Distributed generation (DG, dispersed generation, distributed resources or DR, embedded generation or EG) is currently one of the most actively-developed energy sector, mainly for the reason of environmental energy technologies and the idea of smart power grids. While this is not a new concept, there is still a lack of unified definition that explicitly allows the classification of DG [1, 11,13,14,16, 22, 42]. The main issue is the acceptance criterion, which can be both the capacity of the installed power, the point of connection to the transmission or distribution system or subject to the disposal of the central power regulations, and finally the type of technology. One of the most frequently quoted definition is based on the report of the Working Group 37.23 CIGRE (Council on Large Electric Systems) [14], at present the committee SC C6, which suggests to treat as distributed generation all generation units independent from central regulation and to introduce a capacity of power limit of 50–100 MW. For comparison, the limit in the power of distributed generation in the United Kingdom is set at 100 MW, in the United States 50 MW, New Zealand 5 MW, and 1.5 MW in Sweden.
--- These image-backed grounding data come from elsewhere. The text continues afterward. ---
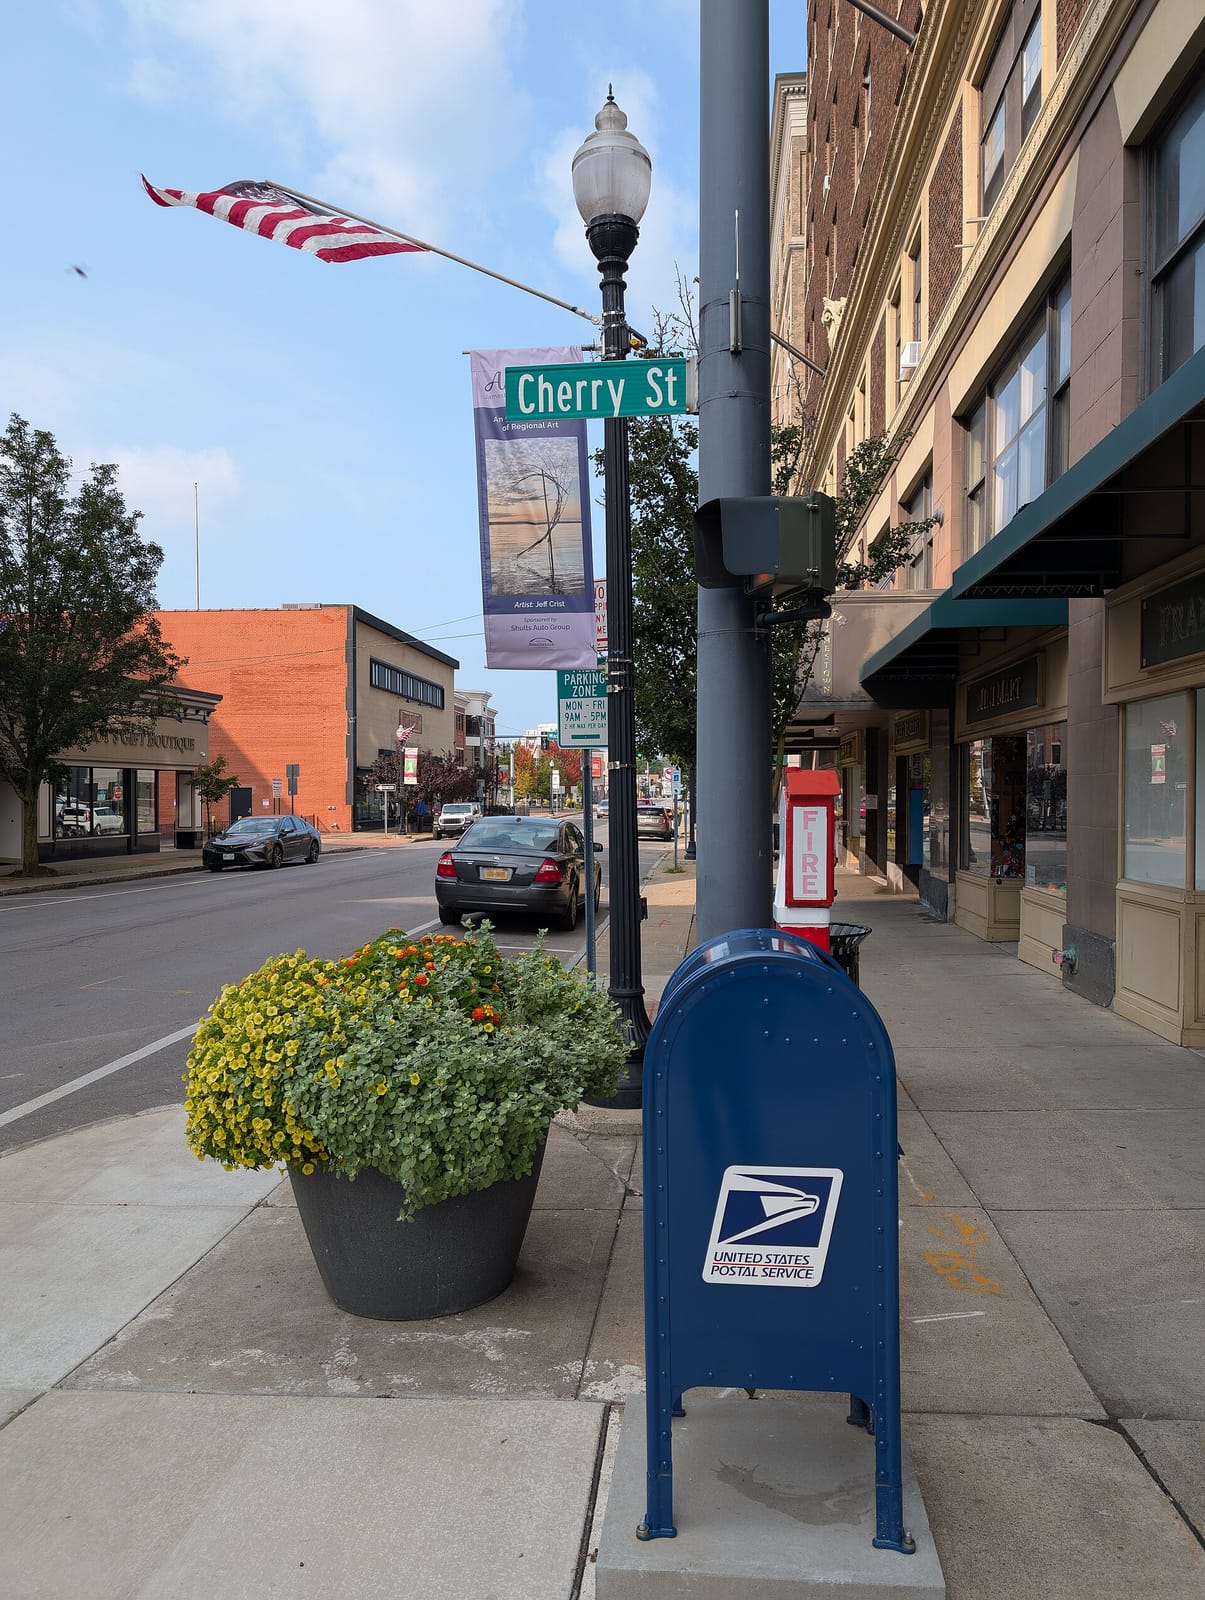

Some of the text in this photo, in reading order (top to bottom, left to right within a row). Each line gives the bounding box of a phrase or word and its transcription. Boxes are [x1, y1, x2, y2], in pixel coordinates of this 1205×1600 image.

[518, 373, 625, 417] Cherry
[645, 367, 678, 408] St
[502, 421, 559, 431] of Regional Art
[535, 600, 548, 608] Jeff
[549, 600, 565, 608] Crist
[595, 614, 606, 622] NY
[511, 624, 532, 632] Shults
[550, 624, 570, 632] Group
[564, 672, 605, 686] PARKING
[572, 684, 598, 697] ZONE
[565, 700, 583, 711] MON
[592, 700, 605, 710] FRI
[564, 712, 581, 722] 9AM
[590, 711, 607, 721] 5PM
[147, 734, 195, 754] BOUTIQUE
[801, 810, 819, 895] FIRE
[713, 1251, 811, 1266] UNITED STATES
[711, 1265, 815, 1280] POSTAL SERVICE
Recent work on distributed generation CIGRE run by the Study Committee SC6 Distribution Systems & Dispersed Generation proposed to minimize the definition of DG to a connection to the distribution network without central regulation. Additionally, some subdivisions of DG related to power capacity can be also found in the literature including: microgeneation (1 W÷5 kW), small generation (5 kW÷5 MW), medium generation (5 MW÷50 MW), and large generation (50 MW÷150 MW).

Since the last quarter century a significant growth of DG, also recognized as dispersed generation or distributed energy resources (DER), was indicated in electrical power systems (EPS). The mentioned process is strongly supported by global convention of pollution reduction and promotion of environment-friendly technologies. The natural consequence is an increasing contribution of renewable energy sources (RES) and combined heat and power (CHP) systems. Additionally, special mechanisms concerning deregulations in energy markets and purchase tariffs were developed in many countries. In parallel to the mentioned convention, a progress in generation technologies is observed that indicates economic benefit in distributed generation investments.

Such convention has given rise to new challenging concepts for future power system architectures, giving a significant position to smart power grids (SPG). Here, ideas are revealed for using DG in islanding scenarios, fault-ride-through (FRT) concepts, voltage stability, and virtual power plants (VPP). DG is also inseparably linked with interoperability concepts, communication protocols, and control and regulation procedures. These mentioned concepts becomes significant when the scale of DG contribution is expanded and when location of the DG is related to parts of power systems characterized by a weak level of reliability. Such scenario can be especially used for ideas for many prosumers connected to LV distribution networks.

Besides the global growth of DG in power systems and new smart grids concepts, several issues have been consequently discussed and investigated for years. These issues do not stay in opposition to the common concepts but try to reveal answers for crucial techical problems about the integration of DG with EPS. One of the issues raised is the impact of DG on power quality (PQ). A wide discussion can be found in [2, 7, 10, 11, 14, 15, 17, 19, 20, 21, 22, 24].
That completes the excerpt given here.